TASK BRIEF — Although the entries contain pictures, repeat only their words, exactly as written.

Saved entries:
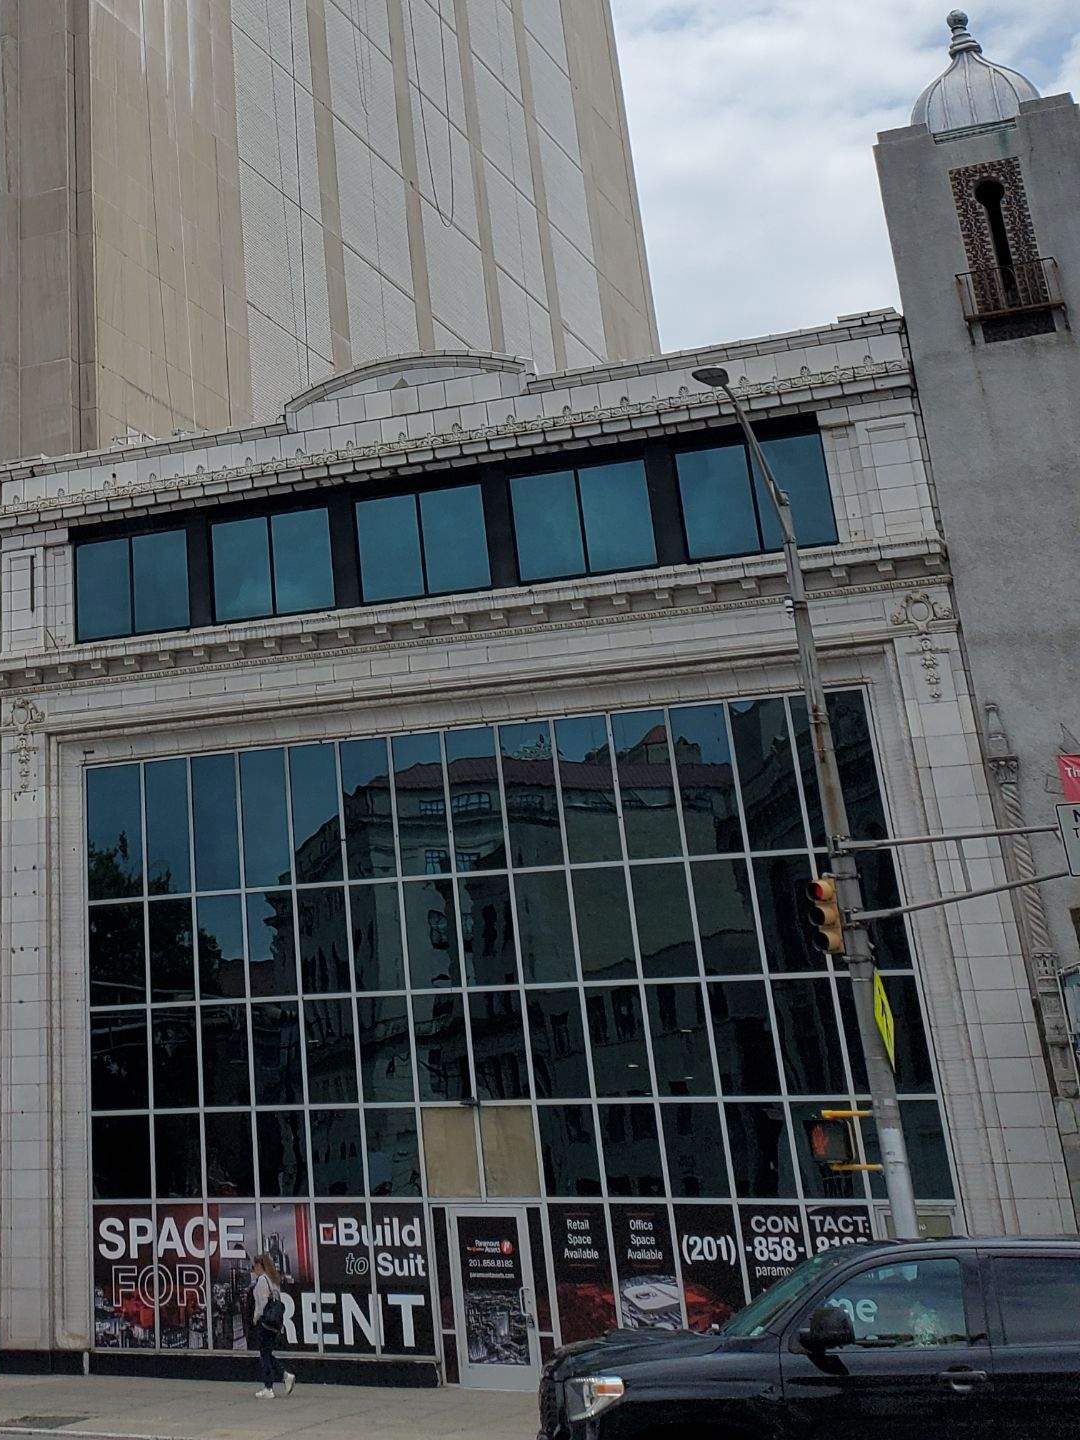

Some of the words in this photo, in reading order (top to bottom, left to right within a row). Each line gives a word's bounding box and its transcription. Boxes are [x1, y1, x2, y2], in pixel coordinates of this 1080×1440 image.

[566, 1219, 590, 1231] Retail
[629, 1220, 654, 1231] Office
[98, 1216, 247, 1260] SPACE
[337, 1217, 422, 1247] Build
[567, 1233, 592, 1246] Space
[630, 1234, 656, 1247] Space
[564, 1248, 600, 1260] Available
[627, 1248, 663, 1260] Available
[345, 1253, 369, 1275] to
[376, 1252, 426, 1277] Suit
[111, 1264, 207, 1309] FOR

ANSWER SECTION —
Some of the words in this photo, in reading order (top to bottom, left to right within a row). Each line gives a word's bounding box and its transcription. Boxes are [x1, y1, x2, y2], in pixel coordinates of this 1080×1440 image.

[566, 1219, 590, 1231] Retail
[629, 1220, 654, 1231] Office
[98, 1216, 247, 1260] SPACE
[337, 1217, 422, 1247] Build
[567, 1233, 592, 1246] Space
[630, 1234, 656, 1247] Space
[564, 1248, 600, 1260] Available
[627, 1248, 663, 1260] Available
[345, 1253, 369, 1275] to
[376, 1252, 426, 1277] Suit
[111, 1264, 207, 1309] FOR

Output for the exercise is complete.